August 9, 2012

.Behind the scenes.



Some have it all together.  I am not one of those people.  I put up a level-headed front (I think I say "I don't know how, but I'll make it work" at least a dozen times a day) just to try to convince myself that I can and will do all these things on my agenda.  I also try not to complain, because a great deal of my stress is due to opportunities I should be so grateful for.

But...I just need to read! For fun!  I need to finish the three books I've started!  And go to bed before 1 am.  And shut off email capabilities to my phone because I can never enjoy what I'm doing when I'm constantly being reminded of what I should be doing.  And I want to watch documentaries in bed.  I had this one queued for days and finally made myself take time out to watch it (I recommend it!)
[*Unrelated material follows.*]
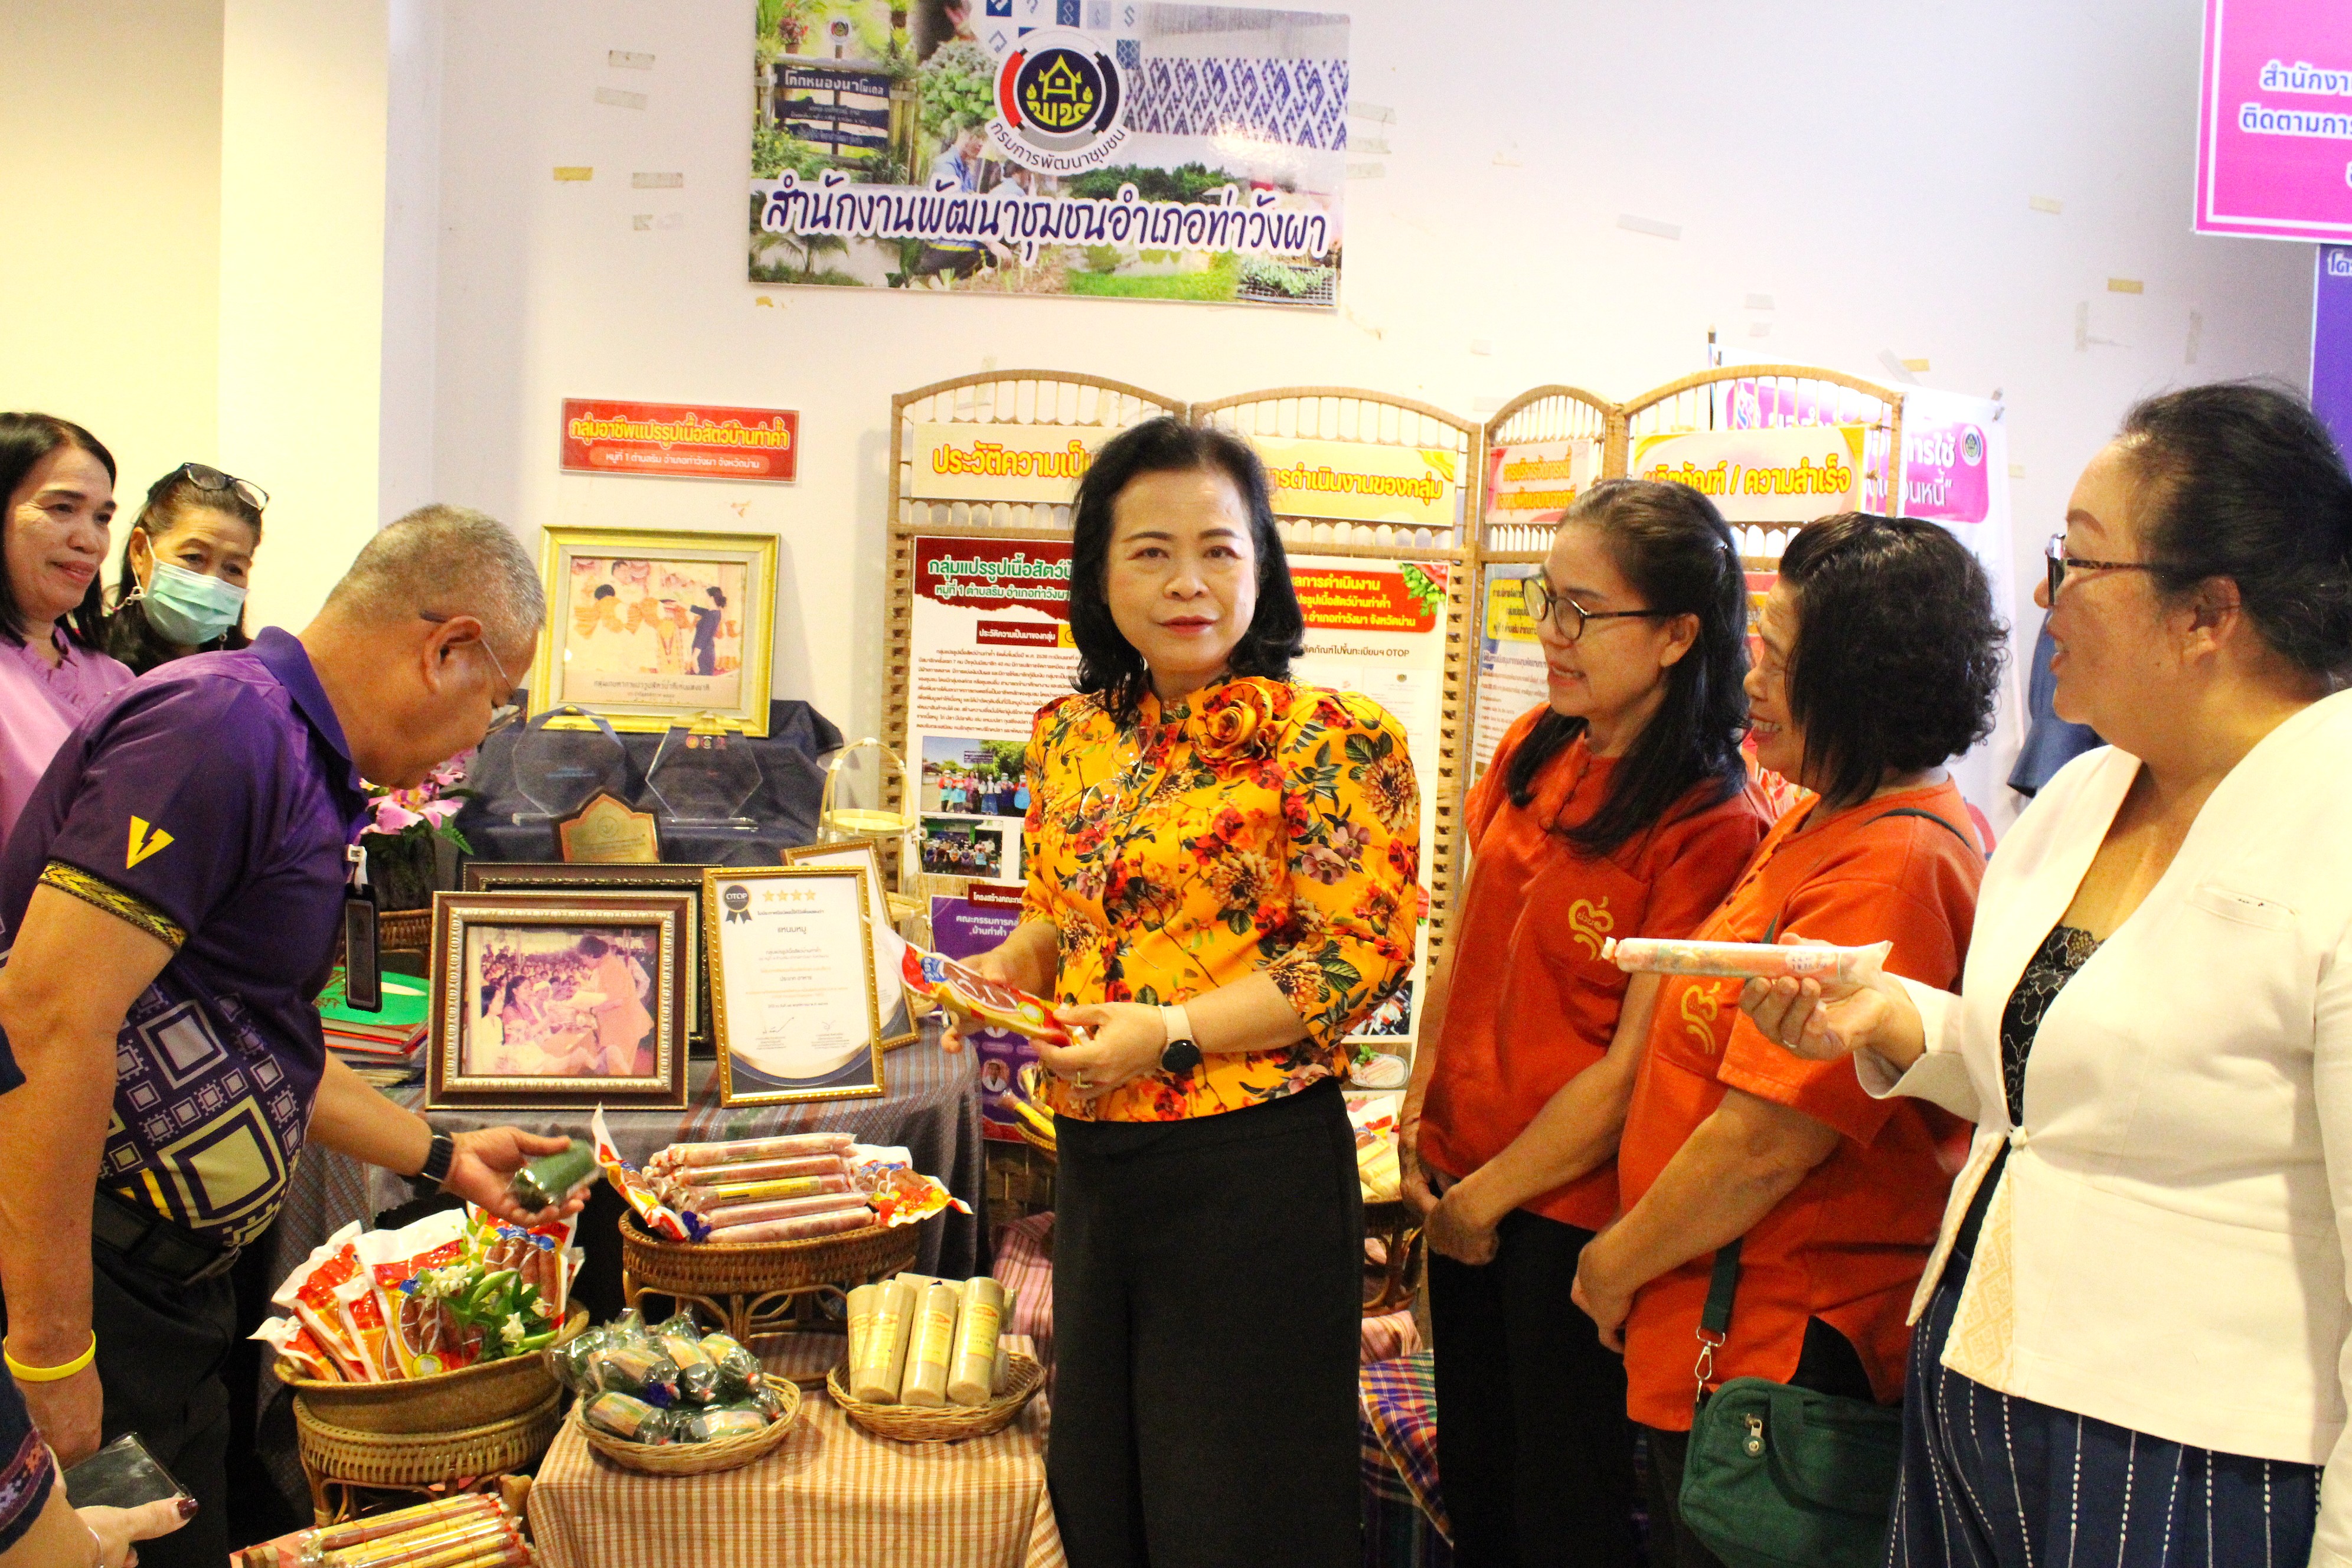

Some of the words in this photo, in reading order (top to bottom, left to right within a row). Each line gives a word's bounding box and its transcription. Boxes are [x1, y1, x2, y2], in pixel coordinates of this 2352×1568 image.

And... sometimes I can't breathe with the amount of thoughts and deadlines running through my head.  And I'll wake up in the most terrible mood and have to fight all day to get myself out of it.  And I dread driving into work most mornings.  Sometimes I feel so defeated in my quest to help my clients.  And I also dread taking any time off because of the crises and heaps of work and problems I'll have to come back to.  And I have a terrible attitude half the time because I am so tense, and so many things aren't fair, and I can't seem to choose to either get over this fact of life or just quit and focus on one thing, even though Garrett has told me, and advisers have told me, and family has told me, and supervisors have told me that I don't need to take on more than I can handle so I only have myself to blame.  Why am I so stubborn?  But also, why is life so easy for some?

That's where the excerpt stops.